Warangal Fort is one of the architectural wonders of the bygone era. Sited in south-east of Warangal city, the massive structure was built in the 13th century by rulers of the Kakatiya dynasty. Though presently in ruins, Warangal Fort still boasts of the dexterity of artists of earlier times. On the brink of Ekashila (a hill rock), the Citadel appears diffused in the several layers. In the mid-13th century, the construction of this colossal structure was initiated by the Kakatiyan king, Ganapatideva. Rani Rudramaa, who was the daughter of the King, further made the efforts to complete the construction work. Once, one of the impregnable forts in Andhra Pradesh, Warangal Fort is today very popular for its architectural brilliance, which is above and beyond its history. The loose ends of the edifice include commanding gateways and graceful towers that elevate to no less than 50 feet. The remarkable feature about the main gateway comprises of the four gigantic pillars, which have been crafted out of a single rock. Warangal Fort, having three protective layers, suggests the standards of security that used to be employed to guard the inner precincts and center of power. The pride of Kakatiya dynasty, it had two fortifications, with the inner one consisting of four stone gateways. The remnants of the fort present a valuable insight of the past civilization. The wreckage comprises of intricate sculpturea, stone works, motifs and designs – depicting animals like lions and swans. Within the Warangal Fort, you can see remains of the temples that had been erected by the early Qutub Shahi kings. It has many possessions that are worth-seeing. In short and snappy terms, visit the fort and explore this standing testimony of its glorious past.
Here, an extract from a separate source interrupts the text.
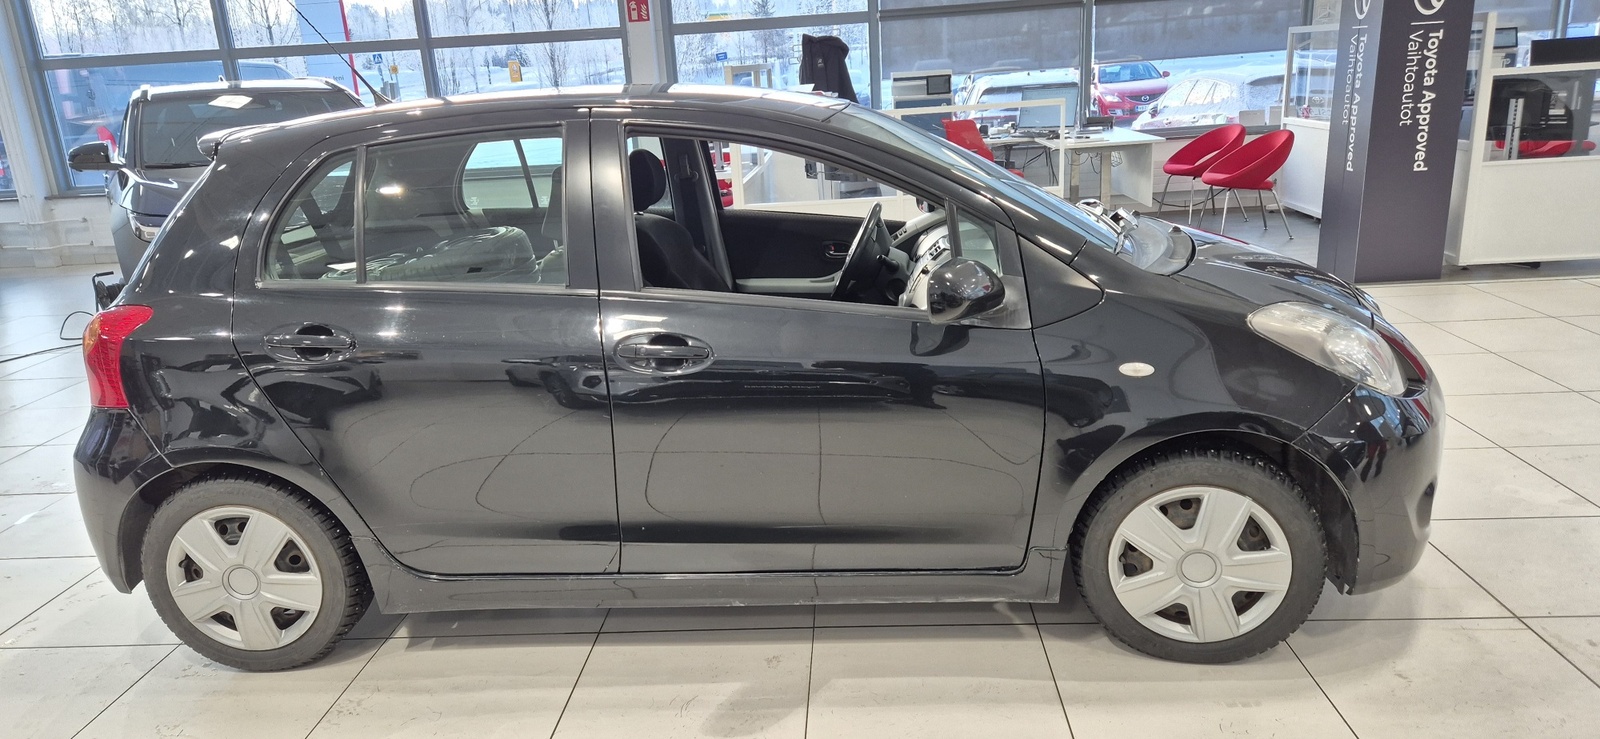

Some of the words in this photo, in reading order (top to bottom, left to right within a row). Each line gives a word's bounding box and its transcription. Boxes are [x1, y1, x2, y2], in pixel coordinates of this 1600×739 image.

The Bhadrakali Temple is located on the hilltop between the twin cities of Hanamkonda and Warangal in Andhra Pradesh. The temple is dedicated to the goddess Bhadrakali. Though the image of the deity is called Bhadrakali, the goddess is said to have been transformed by mantras into a very rare form called the Tripura Sundari. Tripper Sundry (Beauty of the Three Worlds or cities) is regarded as the supreme manifestation of Priority – the feminine power that is the vital energy of the universe. The structure of the temple reflects the architectural style of Chalukyas. The 250 year old temple is believed to have been constructed by the Kakativas and is located on the banks of the Bhadrakail Lake. This temple complex houses the deity in her several different forms and avatars. The most remarkable feature of the temple is the square shaped stone image of the Goddess in a sitting posture with fierce looking eyes and face. The Goddess is seen wearing a crown and having eight hands holding various weapons. A major attraction in the vicinity of the temple is the 2-km radius artificial lake. A number of natural rock formations in the surroundings add to the spiritual charm of the temple. Some of these unique rock formations are said to carry immense spiritual powers.